### Required work
Your response should consist solely of the lines from the one containing "Some of the text" through the final line of the entries, repeated exactly.

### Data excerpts

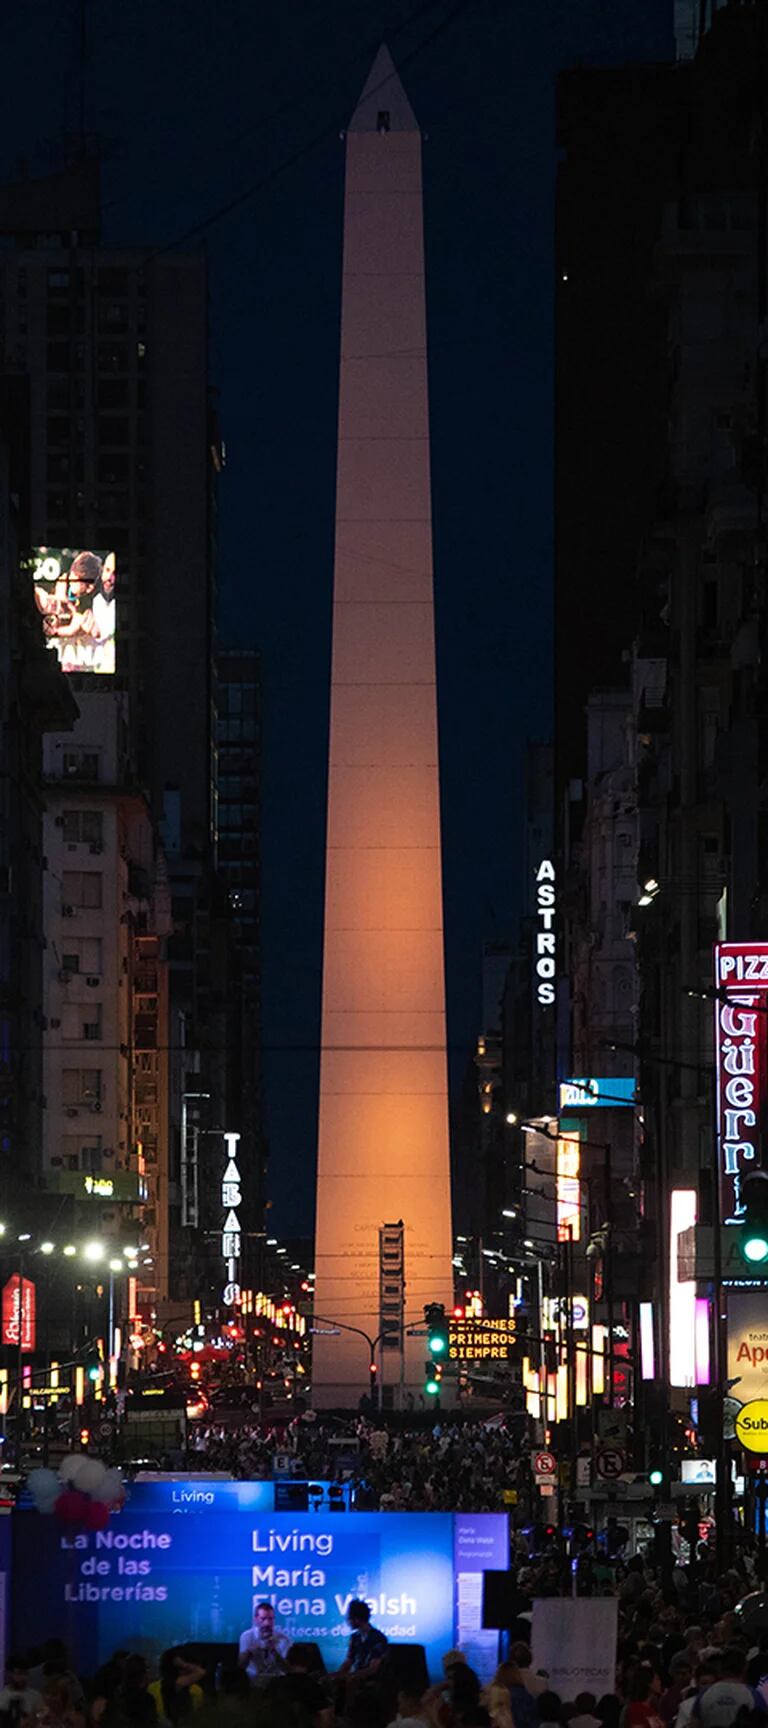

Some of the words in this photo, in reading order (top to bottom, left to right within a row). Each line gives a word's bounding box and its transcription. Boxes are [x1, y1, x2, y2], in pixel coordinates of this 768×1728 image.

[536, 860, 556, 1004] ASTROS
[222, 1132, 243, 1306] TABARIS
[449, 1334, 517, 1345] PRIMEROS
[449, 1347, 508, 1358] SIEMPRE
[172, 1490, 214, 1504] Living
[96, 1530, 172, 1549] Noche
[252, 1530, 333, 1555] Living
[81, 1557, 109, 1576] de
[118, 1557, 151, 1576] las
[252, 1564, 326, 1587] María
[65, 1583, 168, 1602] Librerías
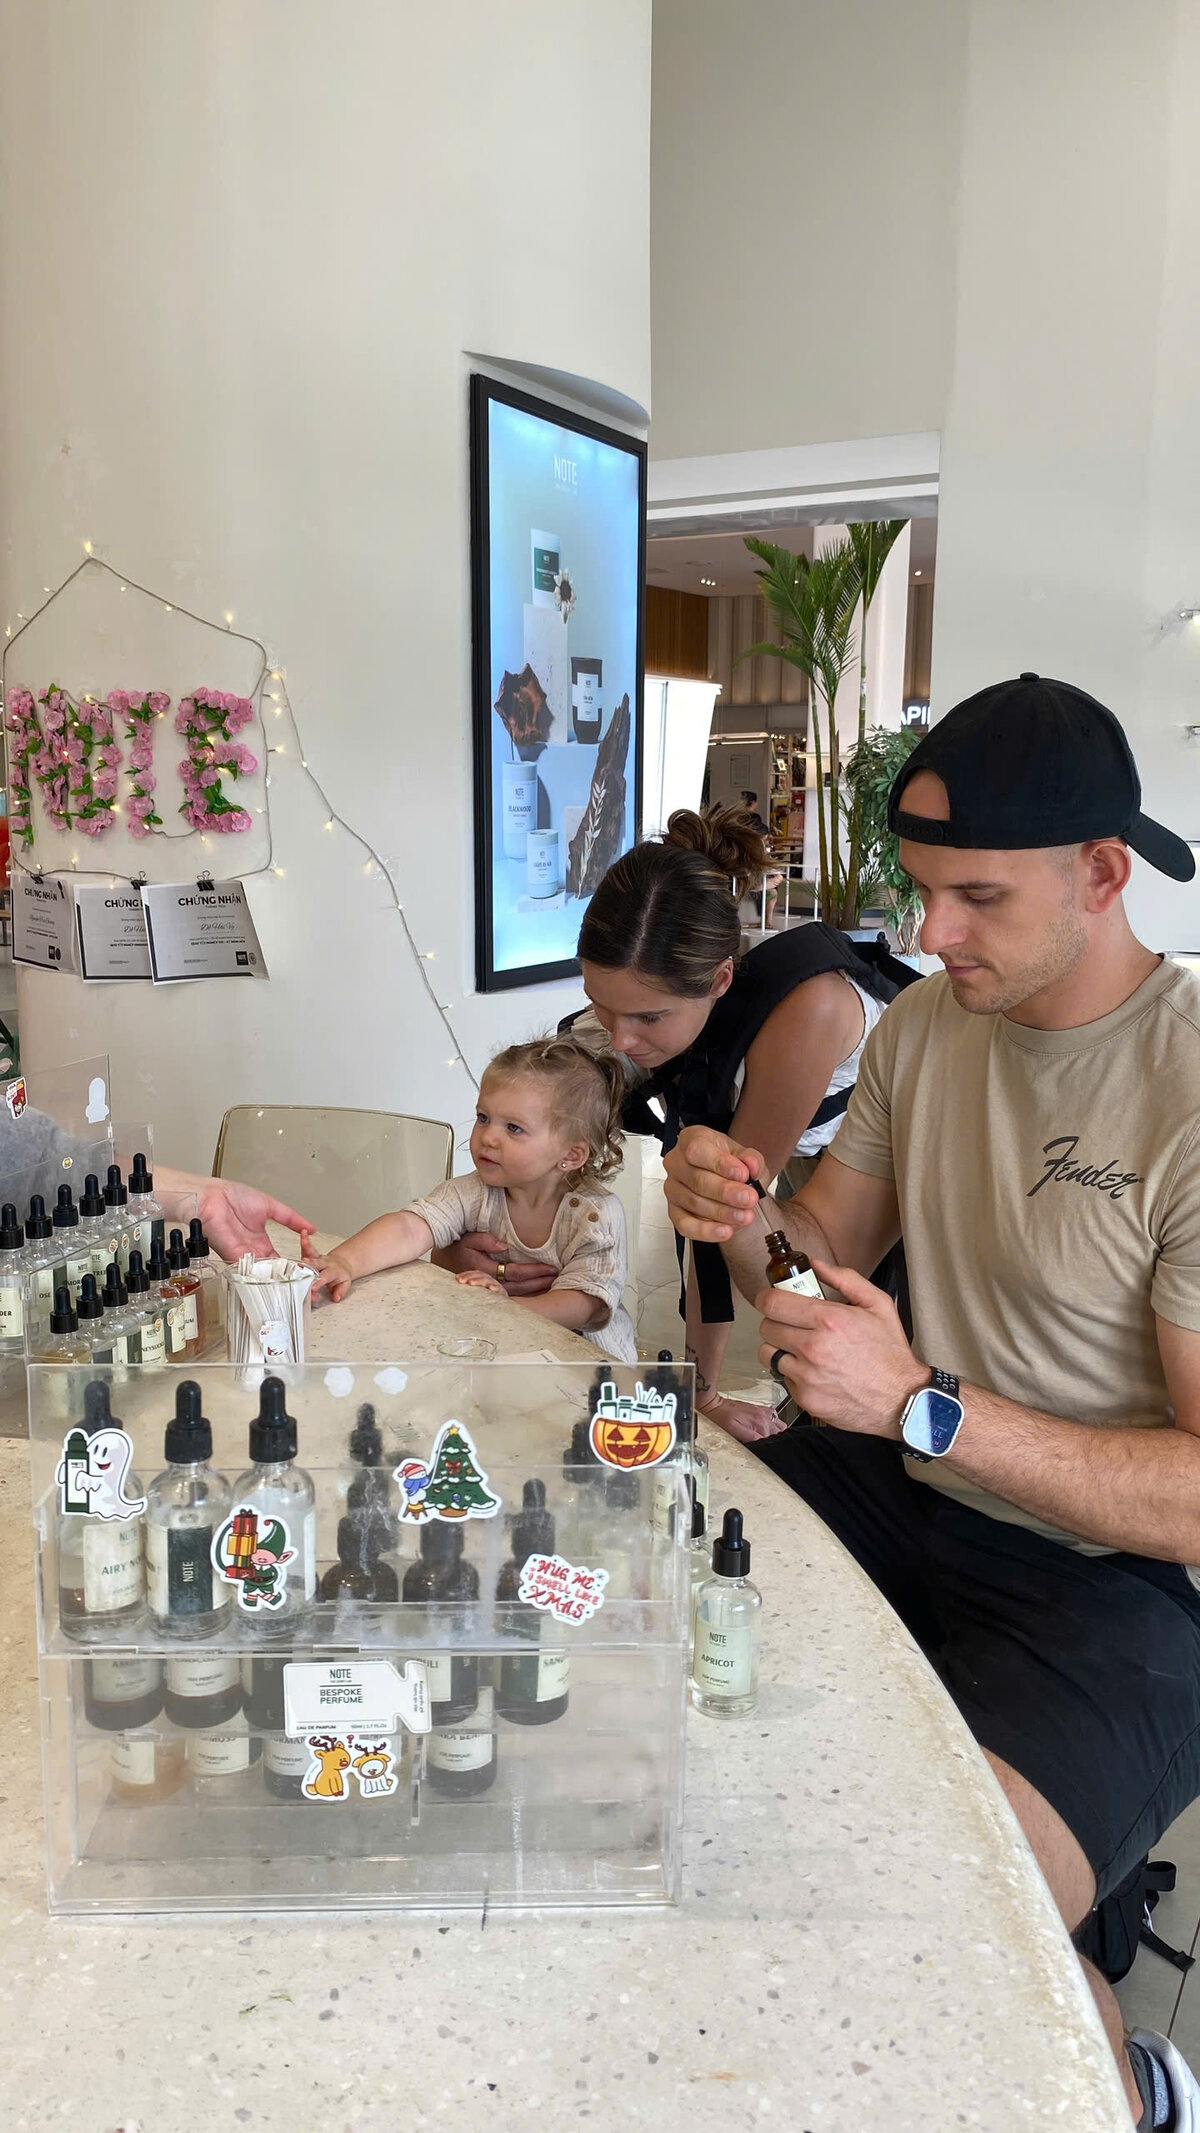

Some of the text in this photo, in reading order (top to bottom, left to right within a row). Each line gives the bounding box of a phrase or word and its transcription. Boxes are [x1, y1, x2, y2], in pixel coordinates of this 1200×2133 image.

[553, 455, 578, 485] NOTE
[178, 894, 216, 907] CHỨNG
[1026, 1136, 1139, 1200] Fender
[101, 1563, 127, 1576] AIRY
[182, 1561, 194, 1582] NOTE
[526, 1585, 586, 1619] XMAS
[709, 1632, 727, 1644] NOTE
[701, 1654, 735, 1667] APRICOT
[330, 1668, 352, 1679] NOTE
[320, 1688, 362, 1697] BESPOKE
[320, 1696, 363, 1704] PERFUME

### Solution to the exercise
Some of the text in this photo, in reading order (top to bottom, left to right within a row). Each line gives the bounding box of a phrase or word and its transcription. Boxes are [x1, y1, x2, y2], in pixel coordinates of this 1200×2133 image.

[553, 455, 578, 485] NOTE
[178, 894, 216, 907] CHỨNG
[1026, 1136, 1139, 1200] Fender
[101, 1563, 127, 1576] AIRY
[182, 1561, 194, 1582] NOTE
[526, 1585, 586, 1619] XMAS
[709, 1632, 727, 1644] NOTE
[701, 1654, 735, 1667] APRICOT
[330, 1668, 352, 1679] NOTE
[320, 1688, 362, 1697] BESPOKE
[320, 1696, 363, 1704] PERFUME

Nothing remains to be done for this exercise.